JEREMIAH P. OSTRIKER (1937-2025)
Rares sont les astrophysiciens qui, tout au long de leur carrière, continuent de proposer des idées transformatrices sur les constituants de l'Univers et les mécanismes physiques à l'origine de son évolution. Jeremiah P. (« Jerry ») Ostriker était peut-être le meilleur exemple de ce type rare de scientifique. Il est décédé le 6 avril 2025 d'une insuffisance rénale à l'âge de 87 ans, après une longue maladie.
Figure 1 : Jeremiah Ostriker en 1991.
Crédits : JOHN SOTOMAYOR/The New York Times/Redux.
Ostriker a notamment joué un rôle déterminant (avec P. James Peebles) dans la popularisation de l'idée que les galaxies vivent dans des halos massifs qui stabilisent leurs disques (en utilisant les premières simulations à N corps) [1] et dans l'explication de leur cinématique [2] (indépendamment de Jaan Einasto et de ses collègues en Estonie), avant l'observation des courbes de rotation plates des galaxies spirales par Vera Rubin et d'autres. Il est rapidement devenu largement admis que ces halos sont constitués de matière noire qui domine la densité de masse de l'Univers. Ostriker a ensuite utilisé de grandes simulations pour argumenter, contre la croyance populaire, que la matière noire chaude résout de nombreux problèmes d'observation, en particulier pour les galaxies naines [3]. Il a ensuite popularisé la matière noire ultra-légère, montrant comment elle explique mieux de nombreuses observations [4]. Tout aussi fondamentale fut la première constatation par Ostriker (avec Paul Steinhardt) selon laquelle les observations favorisent un Univers dont la densité d’énergie est dominée par l'énergie du vide, désormais appelée énergie noire [5] (indépendamment d'une proposition similaire de Michael Turner et Lawrence Krauss). Quelques années plus tard, l'énergie noire a été découverte, en utilisant des explosions de supernovae comme chandelles standard, par deux équipes concurrentes dont les leaders ont par la suite reçu le prix Nobel.

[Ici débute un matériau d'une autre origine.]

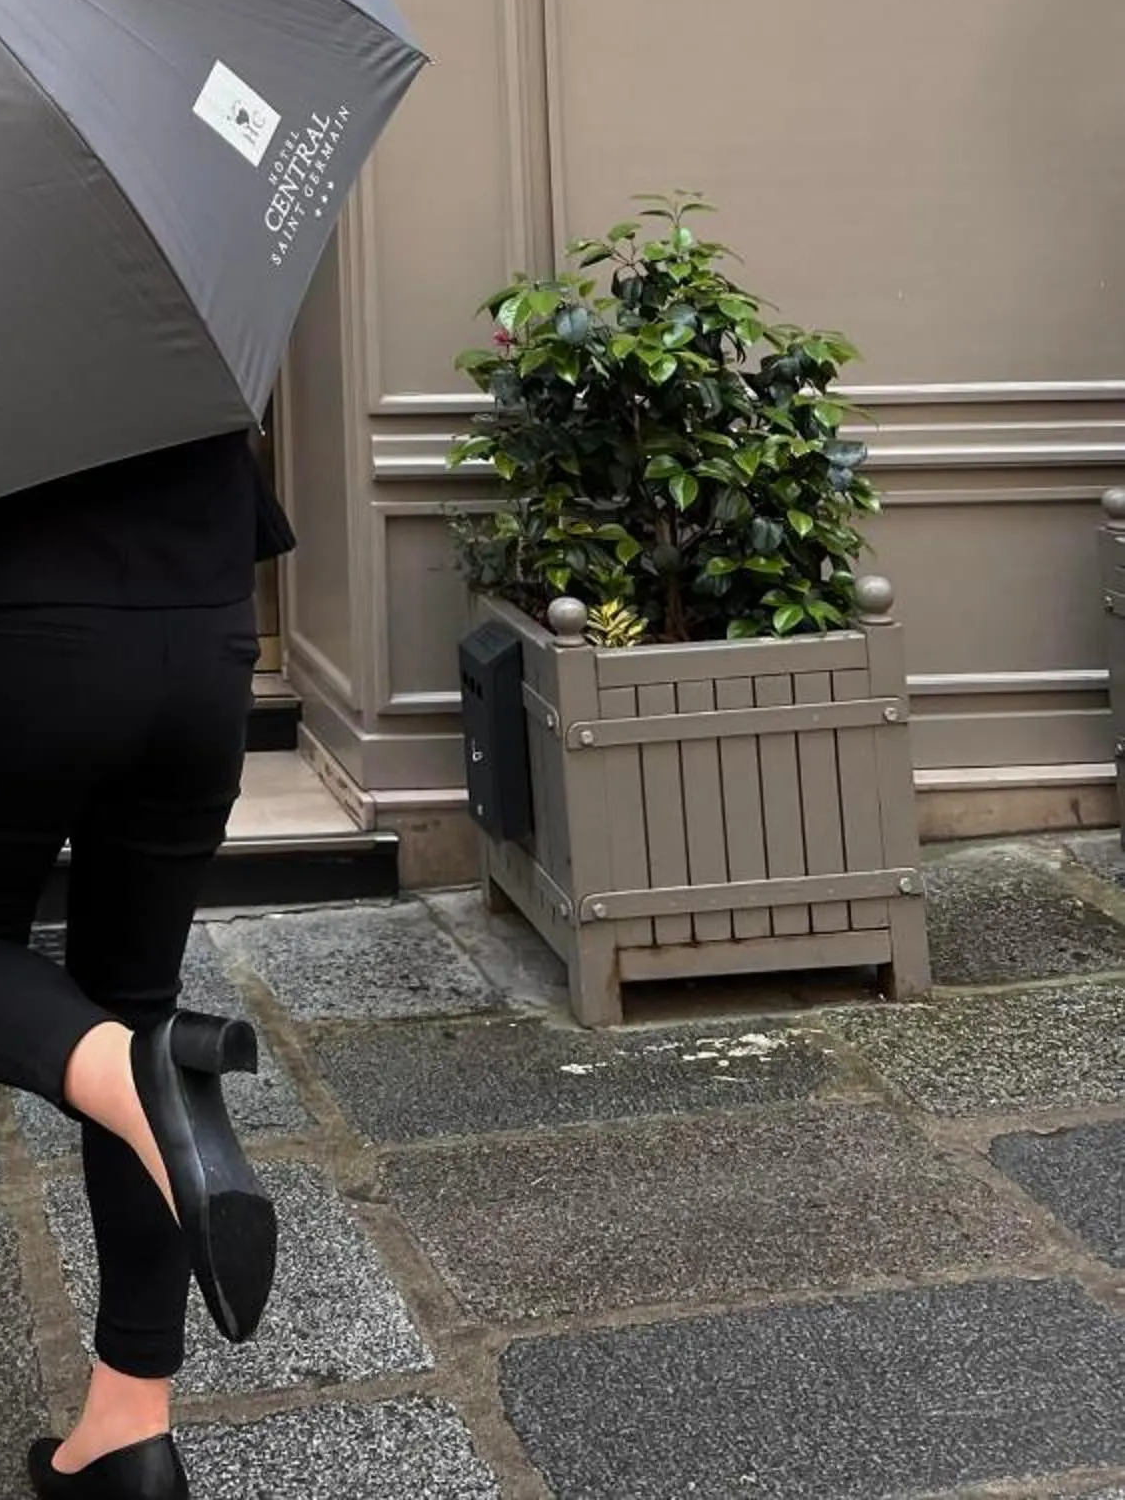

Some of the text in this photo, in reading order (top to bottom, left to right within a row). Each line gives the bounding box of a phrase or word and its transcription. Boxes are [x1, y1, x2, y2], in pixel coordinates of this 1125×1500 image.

[264, 112, 330, 232] CENTRAL
[268, 131, 300, 186] HOTEL
[271, 105, 351, 267] SAINT GERMAIN
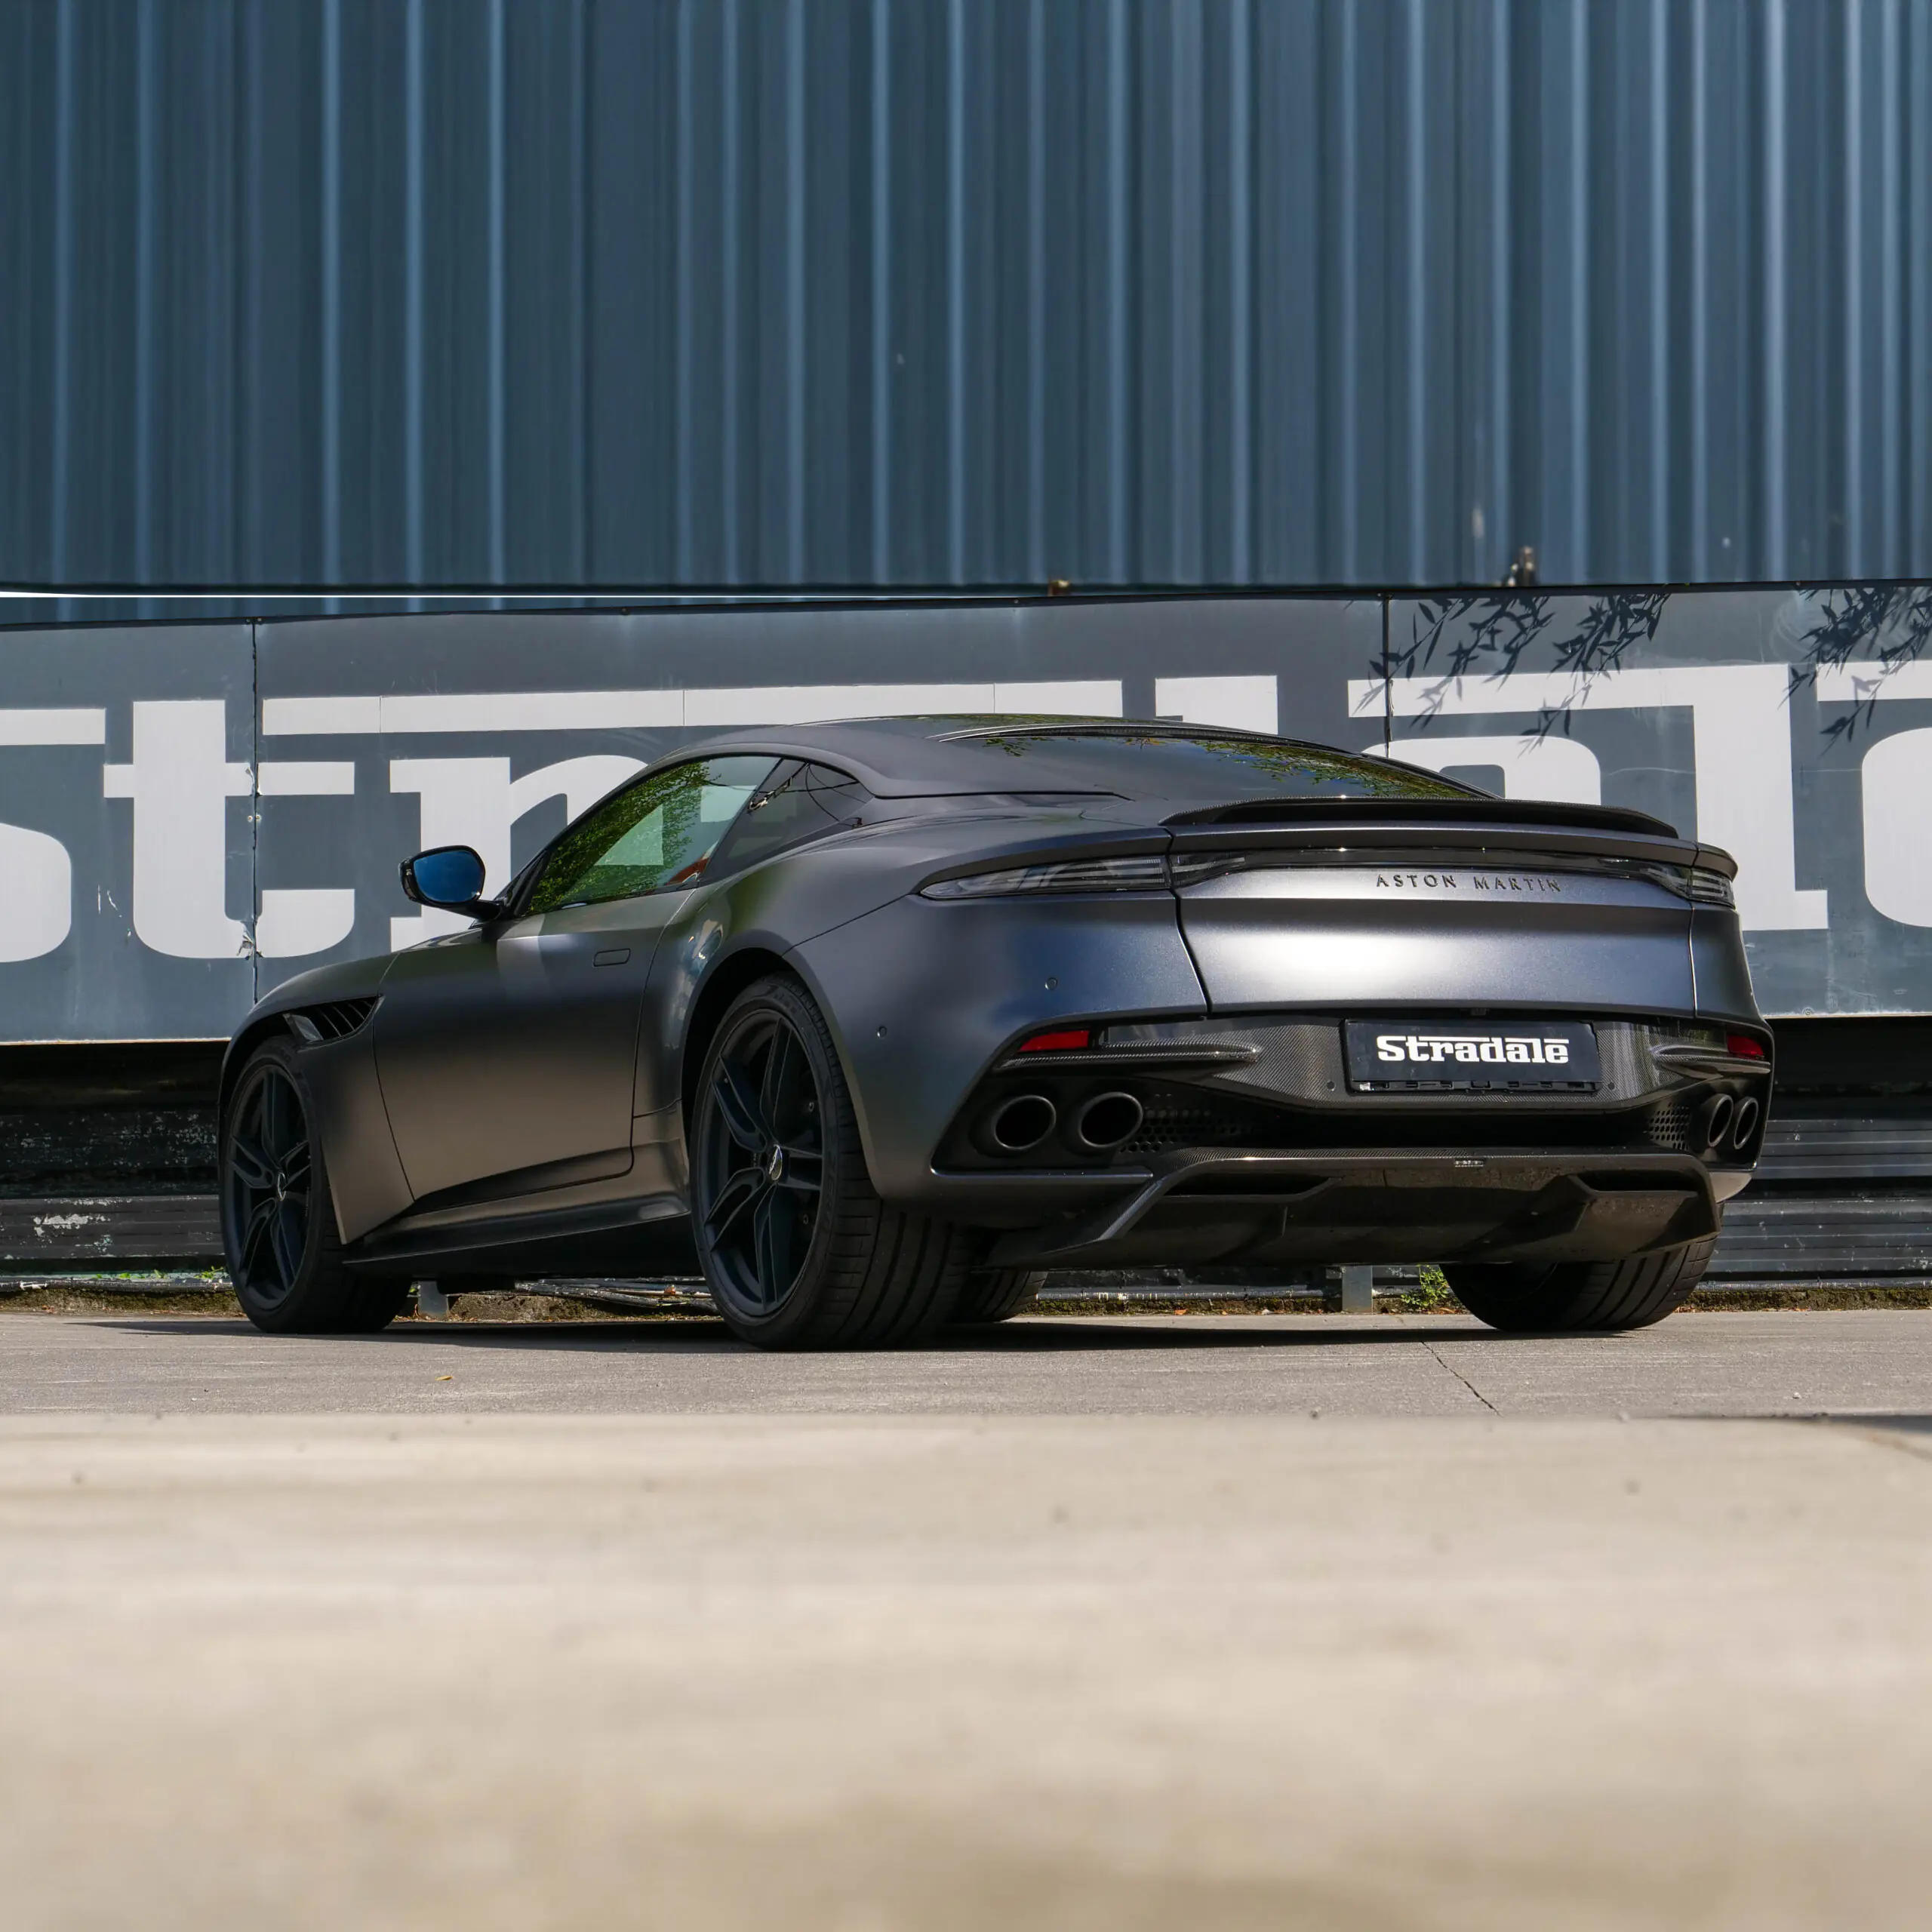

Figure 2 : Jerry Ostriker (à droite) avec Yakov Zel’dovich (1976).
Crédit : Photographie transmise par la famille Ostriker.
L'article le plus cité d'Ostriker concernait un modèle triphasé du milieu interstellaire (avec Christopher McKee) impliquant de nombreux mécanismes physiques [6], en particulier le chauffage par supernovae et la conduction, qui concordaient avec de nombreuses observations différentes. Parmi ses nombreuses autres réalisations, Ostriker a été le premier à proposer (avec James Gunn) que les pulsars étaient des étoiles à neutrons dont les champs magnétiques n’étaient pas alignés avec leur spin [7]. Il a proposé (avec Roger Blandford) que les rayons cosmiques étaient accélérés par les chocs [8].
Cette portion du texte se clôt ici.